Who has embraced ALL God's people with tenderness and compassion, 
glorifying Him with her own life...

gone.

"How lovely is your dwelling place, Oh Lord Almighty
My Soul waits, and even faints for you."


Please join me, 
fight with me, 
hope with me in prayer 
for a husband, a daughter, and a son. 

Pray with me for siblings, nieces, nephews, friends, a church and a community.

Tuesday, January 25, 2011

10 on Tuesday (Night)

#1. Josie's "Talint Show Starring Josie." 7 acts, singing, dancing, piano, complete with costume changes.   This kid, she CRACKS. ME. UP.  almost as much as she cracks herself up! 

#2. Studying the book of Isaiah (BSF). This weeks' words tenderly convicting me to place my energy in what stands forever- the word of God. Nudging me to shout, "Here is your God!" rather than cowering out of fear of offending someone.

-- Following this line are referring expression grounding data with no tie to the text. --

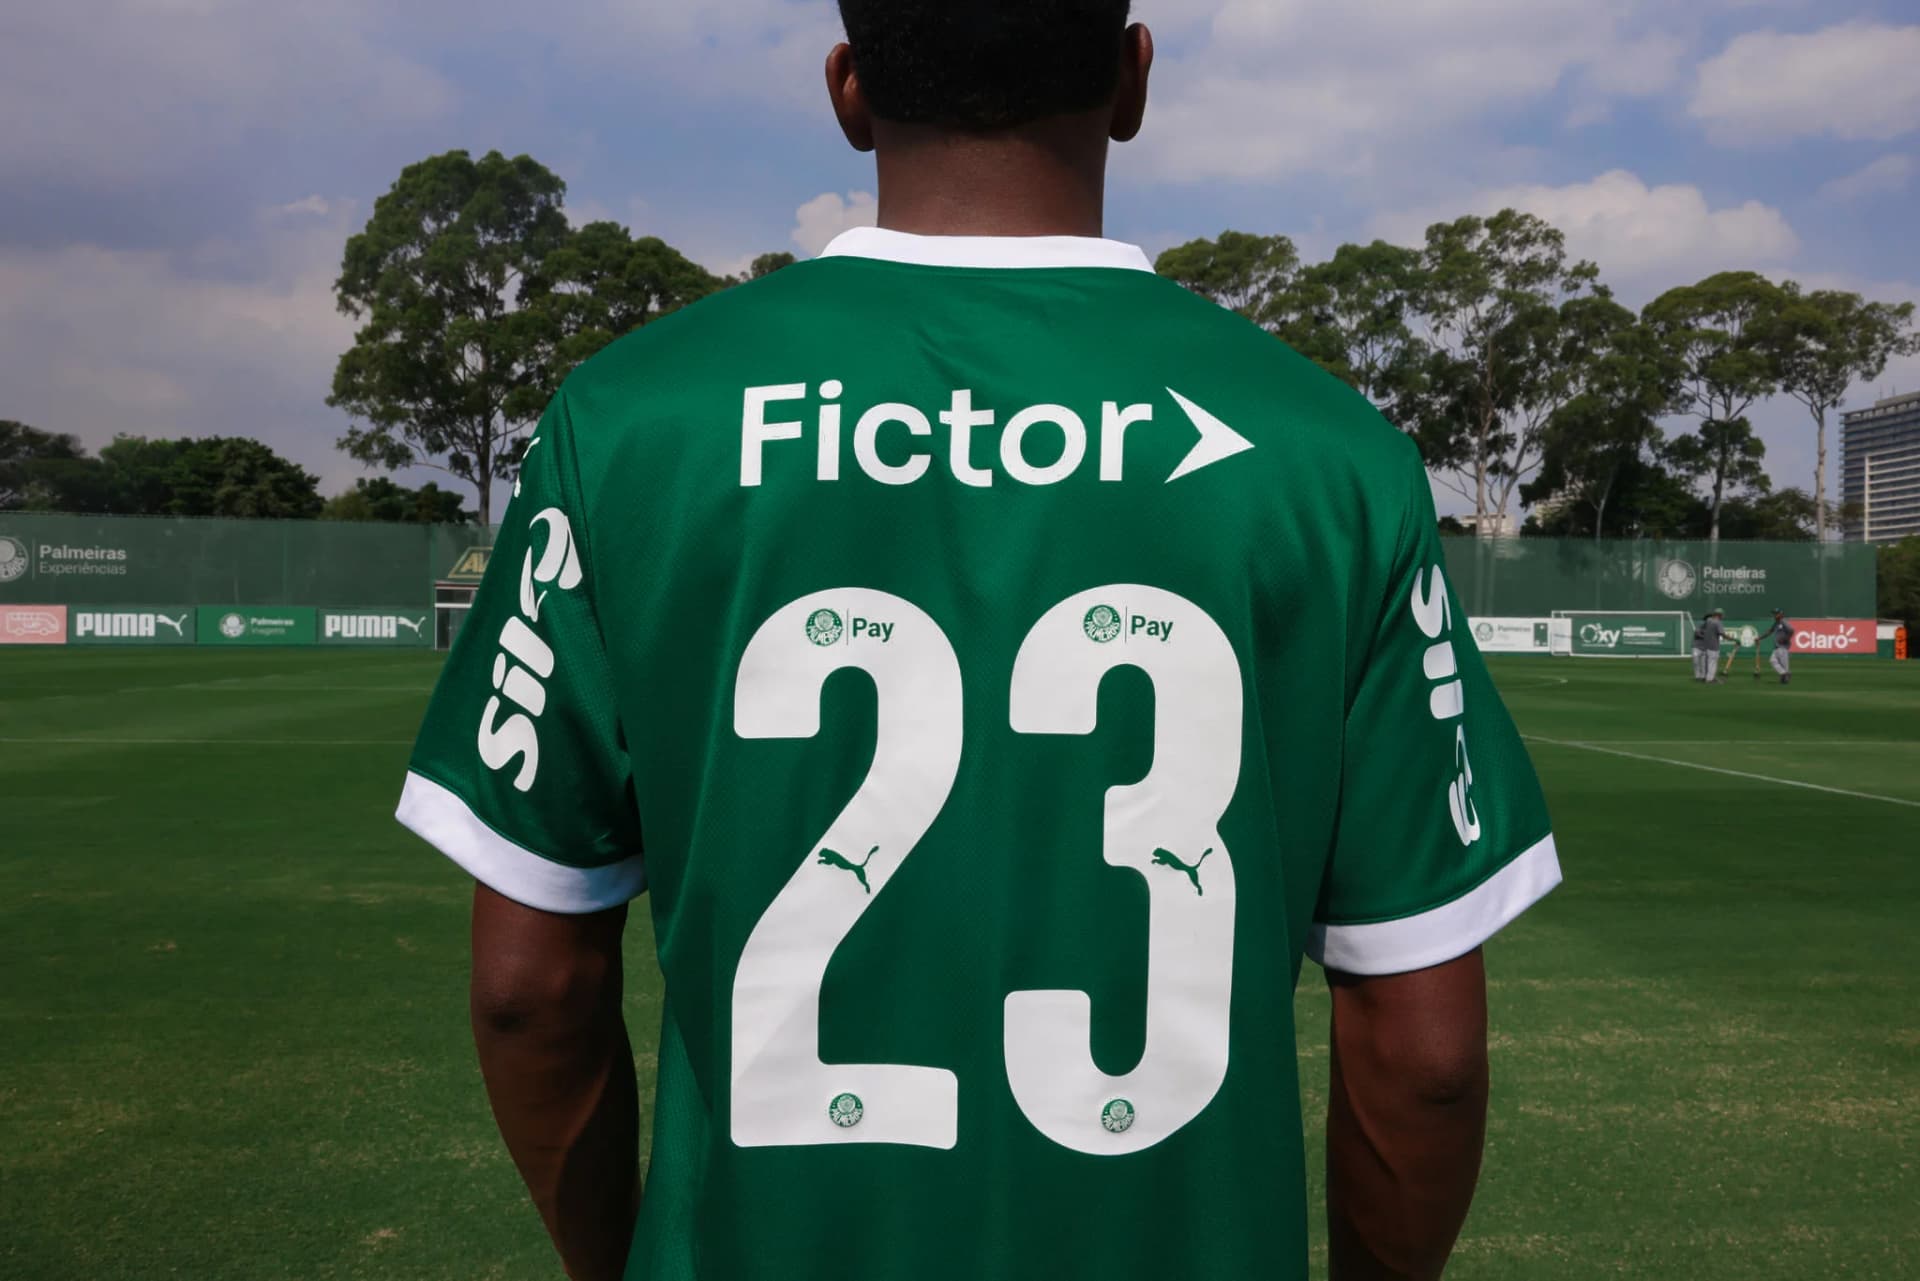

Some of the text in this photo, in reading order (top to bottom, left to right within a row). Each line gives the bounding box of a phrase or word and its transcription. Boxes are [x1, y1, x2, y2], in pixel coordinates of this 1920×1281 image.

[740, 379, 1152, 487] Fictor
[39, 544, 127, 560] Palmeiras
[39, 562, 127, 576] Experiências
[1703, 565, 1766, 579] Palmeiras
[77, 613, 155, 637] PUMA
[325, 615, 397, 638] PUMA
[852, 618, 894, 643] Pay
[1131, 615, 1173, 642] Pay
[1795, 631, 1848, 649] Claro

Finding comfort in our Sovereign LORD and Gentle Shepherd.  
   And I said, “What shall I cry?”
   “All people are like grass,
   and all their faithfulness is like the flowers of the field.
 The grass withers and the flowers fall,
   because the breath of the LORD blows on them.
   Surely the people are grass.
 The grass withers and the flowers fall,
   but the word of our God stands forever.”
  You who bring good news to Zion,
   go up on a high mountain.
You who bring good news to Jerusalem,
   lift up your voice with a shout,
lift it up, do not be afraid;
   say to the towns of Judah,
   “Here is your God!”

 See, the Sovereign LORD comes with power,
   and he rules with a mighty arm.
See, his reward is with him,
   and his recompense accompanies him.
 He tends his flock like a gentle shepherd:
   He gathers the lambs in his arms
and carries them close to his heart;
   he gently leads those that have young.

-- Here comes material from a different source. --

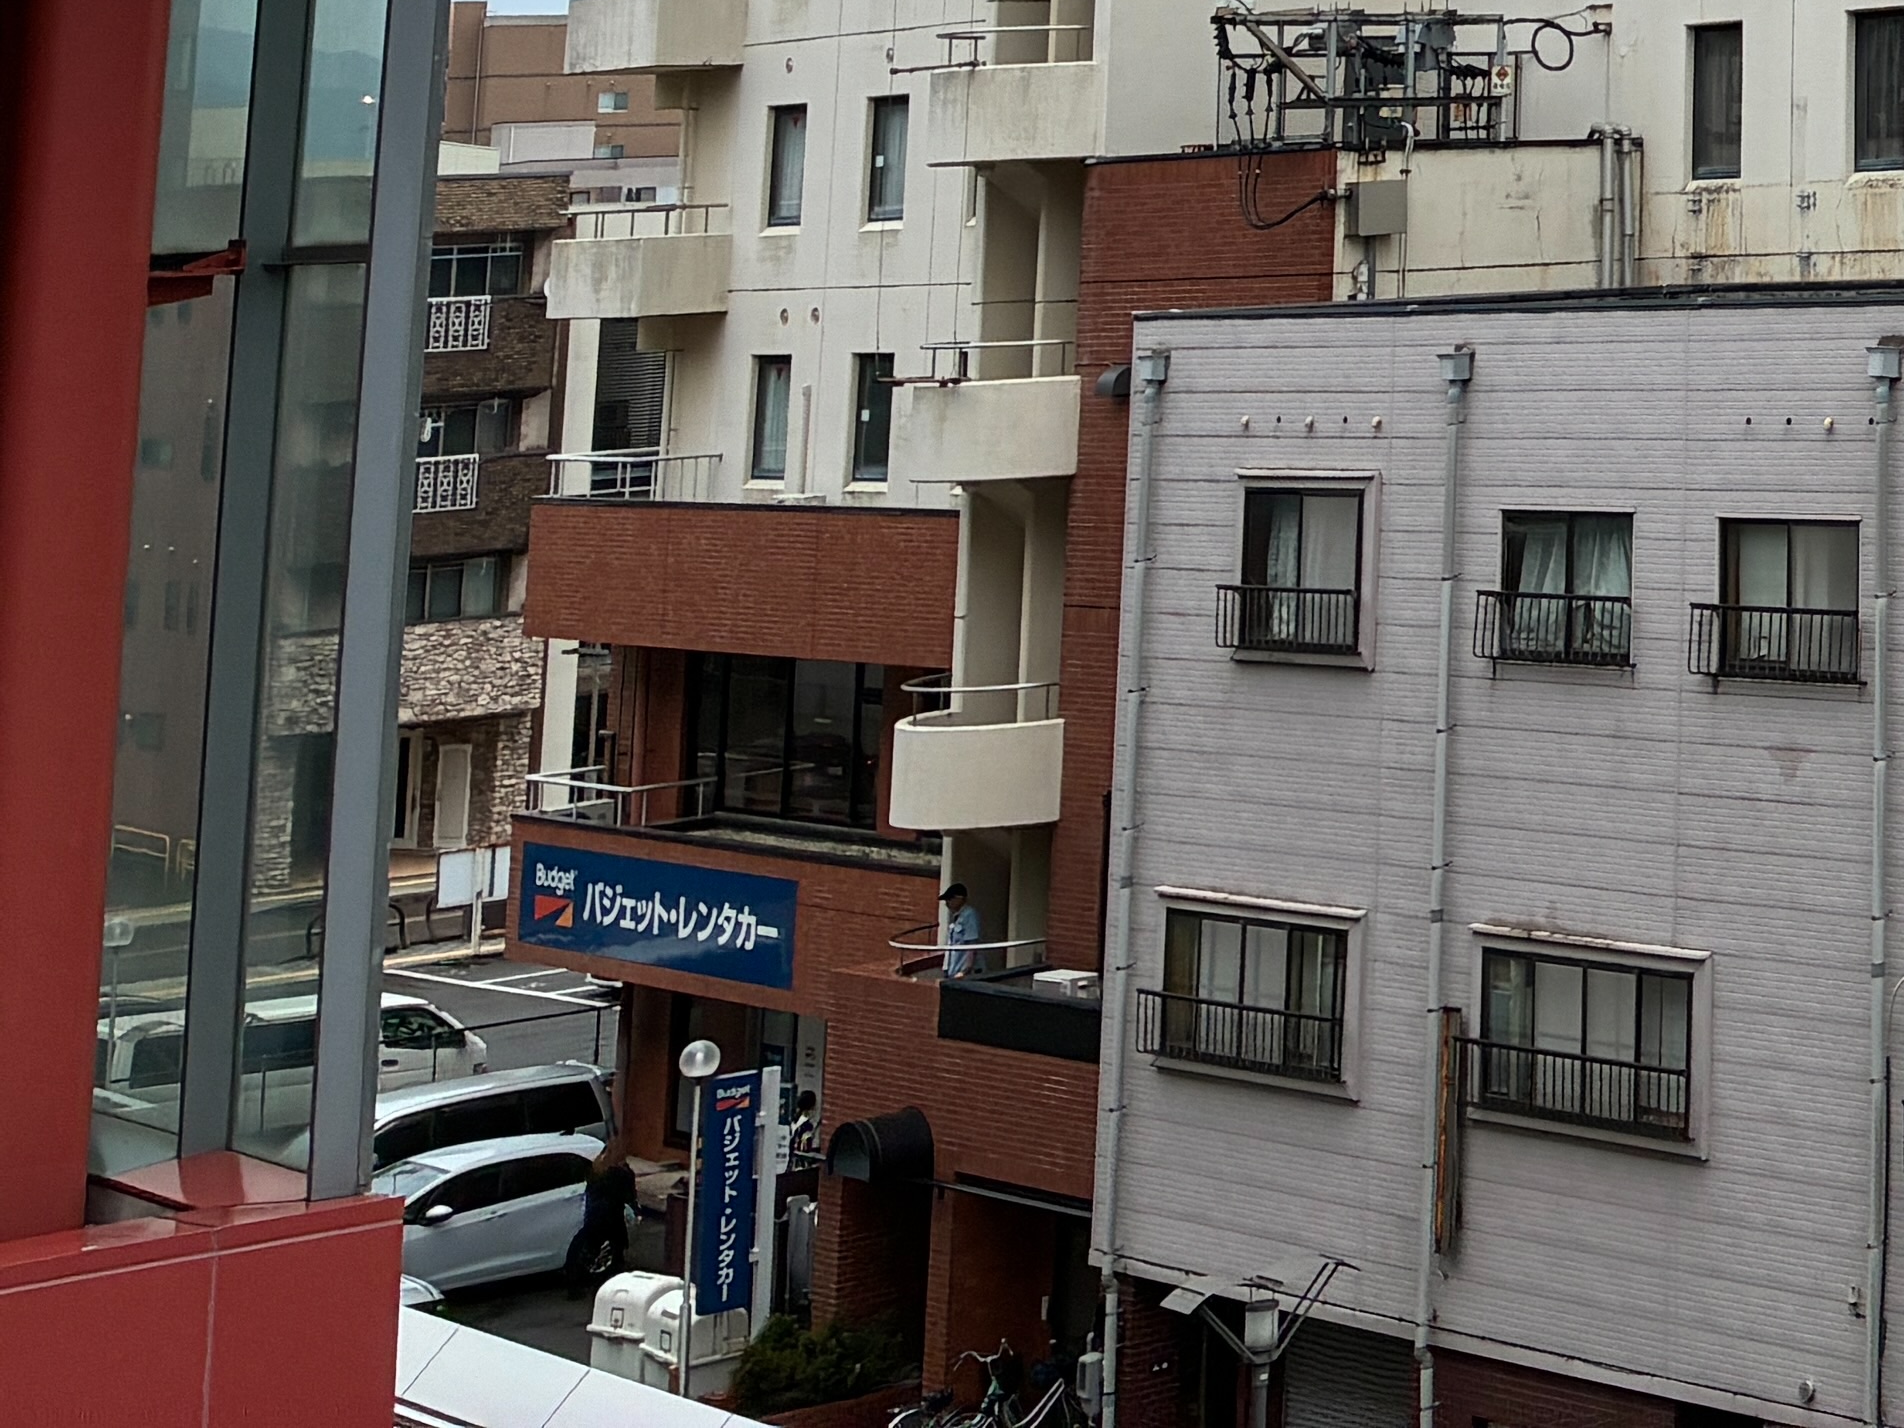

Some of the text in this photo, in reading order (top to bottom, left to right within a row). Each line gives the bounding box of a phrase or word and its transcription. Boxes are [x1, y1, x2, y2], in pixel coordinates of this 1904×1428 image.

#3. Sunshine.  Glorious, wonderful, SUNSHINE!

#4. After having "the talk" with Noah a few months ago, we have continued to pray that his perception of "pseques" (yes, I'm talking about sex), and intimacy would grow to be healthy and godly.
His Jr. High Sunday school class is currently teaching from the Song of Solomon. The teachers are leading with wisdom, sensitivity, and honesty. As a result we have had amazing conversations with Noah regarding marriage, worship (intimacy with God), and sex.  His maturity and what is being firmly planted in him BLESSES US! Makes our mommy and daddy hearts so glad.
I tell you this to encourage some of you who haven't entered this stage yet to PRAY. God has been so faithful to go before, alongside, and behind us in this.
And just in case you're as much of a chicken as I was about this subject let me recommend this lengthy but helpful book, A Chicken's Guide to Talking Turkey With Your Kids About Sex by Kevin Leman (The title totally suited me).

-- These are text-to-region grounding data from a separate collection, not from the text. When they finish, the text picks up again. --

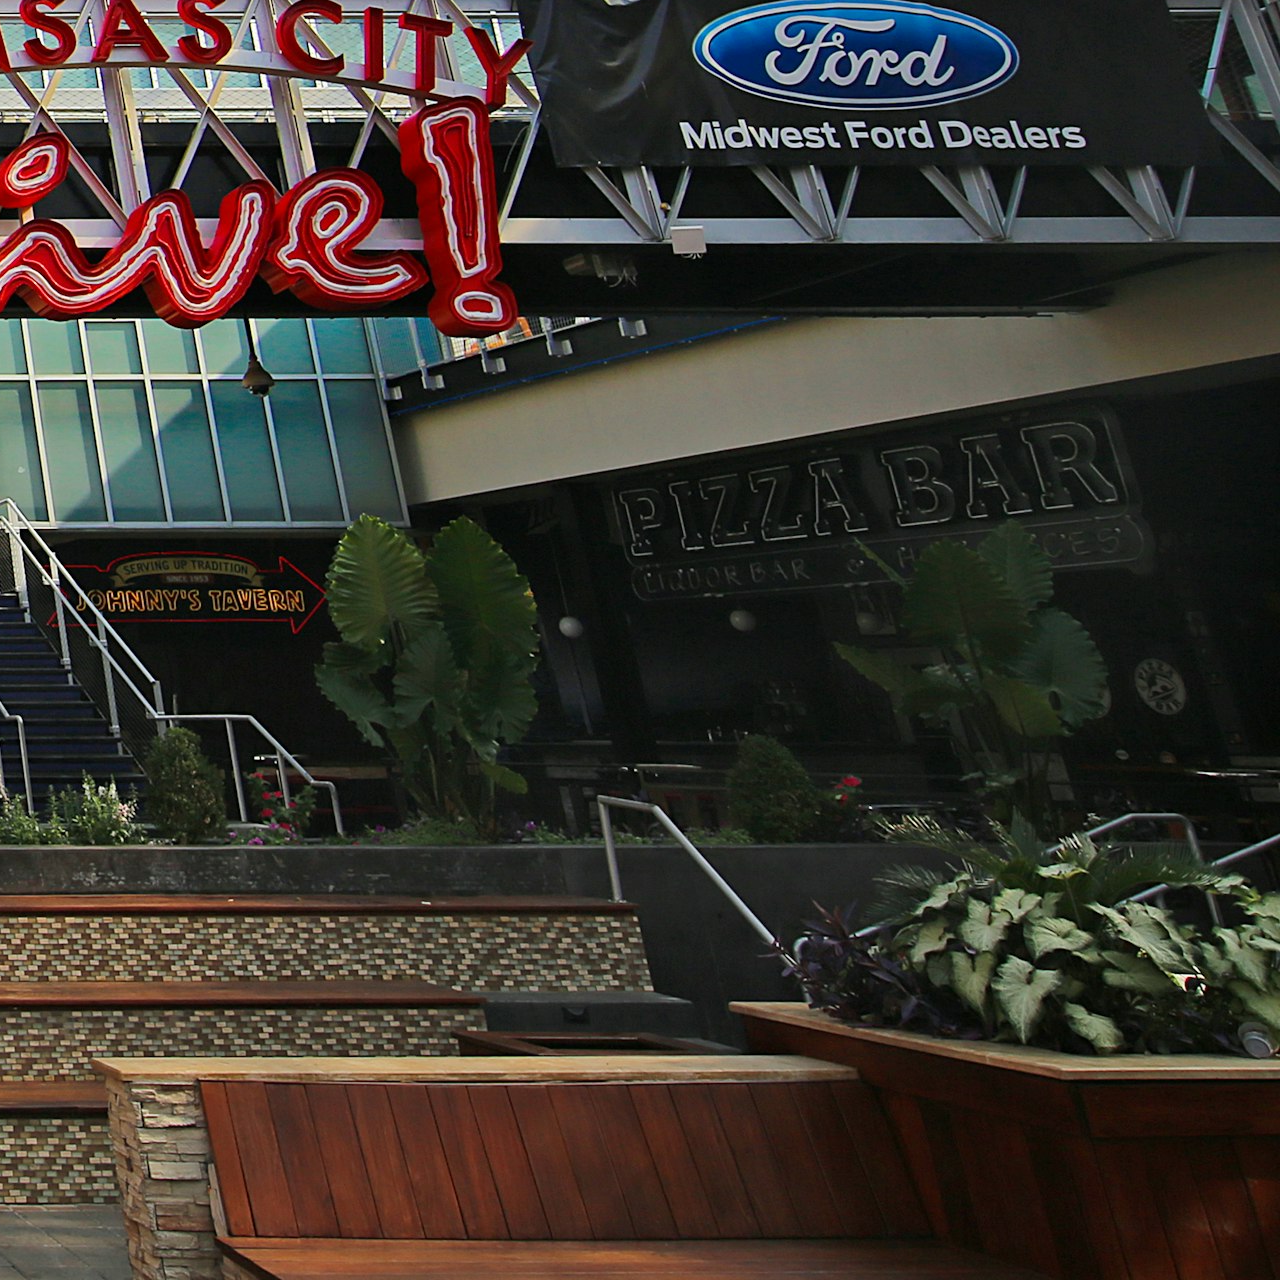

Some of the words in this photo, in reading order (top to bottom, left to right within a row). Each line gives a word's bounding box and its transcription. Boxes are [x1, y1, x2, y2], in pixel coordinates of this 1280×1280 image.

[765, 15, 955, 87] Ford
[679, 119, 841, 150] Midwest
[845, 120, 935, 150] Ford
[938, 120, 1087, 150] Dealers
[620, 458, 869, 558] PIZZA
[881, 422, 1119, 528] BAR
[122, 560, 170, 575] SERVING
[173, 559, 188, 570] UP
[192, 560, 249, 575] TRADITION
[642, 566, 743, 593] LIQUOR
[749, 557, 811, 585] BAR
[76, 589, 202, 613] JOHNNY'S
[208, 589, 306, 613] TAVERN

 #5. After weeks of longing for community a friend "stopped by" for 3 hours!  No one ever stops by our house because we are located in "Novascotia near Timbuktu."  The likelihood decreases when gas is $3.40 per gl (let me just give a big AGHH to that)! But she did!  and I needed to breath in her presence. The Spirit of someone else meeting with make-up less, ordinary, foggy hearted me.  Thank you Julie!     

 #6. J.A.R. (Jones, Allen, Rogers) dinner night;  Mexican pizza, laughter, a game of pick-up-sticks, pistachio ice cream and cookies, a cozy chair by the fire, quiet conversation, finding home in each other.  


#7. Bunko night with the ladies, old friends and new.  I am the "Dice Whisper," whispering to the dice the numbers I need in each toss.  My whispering powers work 20% of the time.  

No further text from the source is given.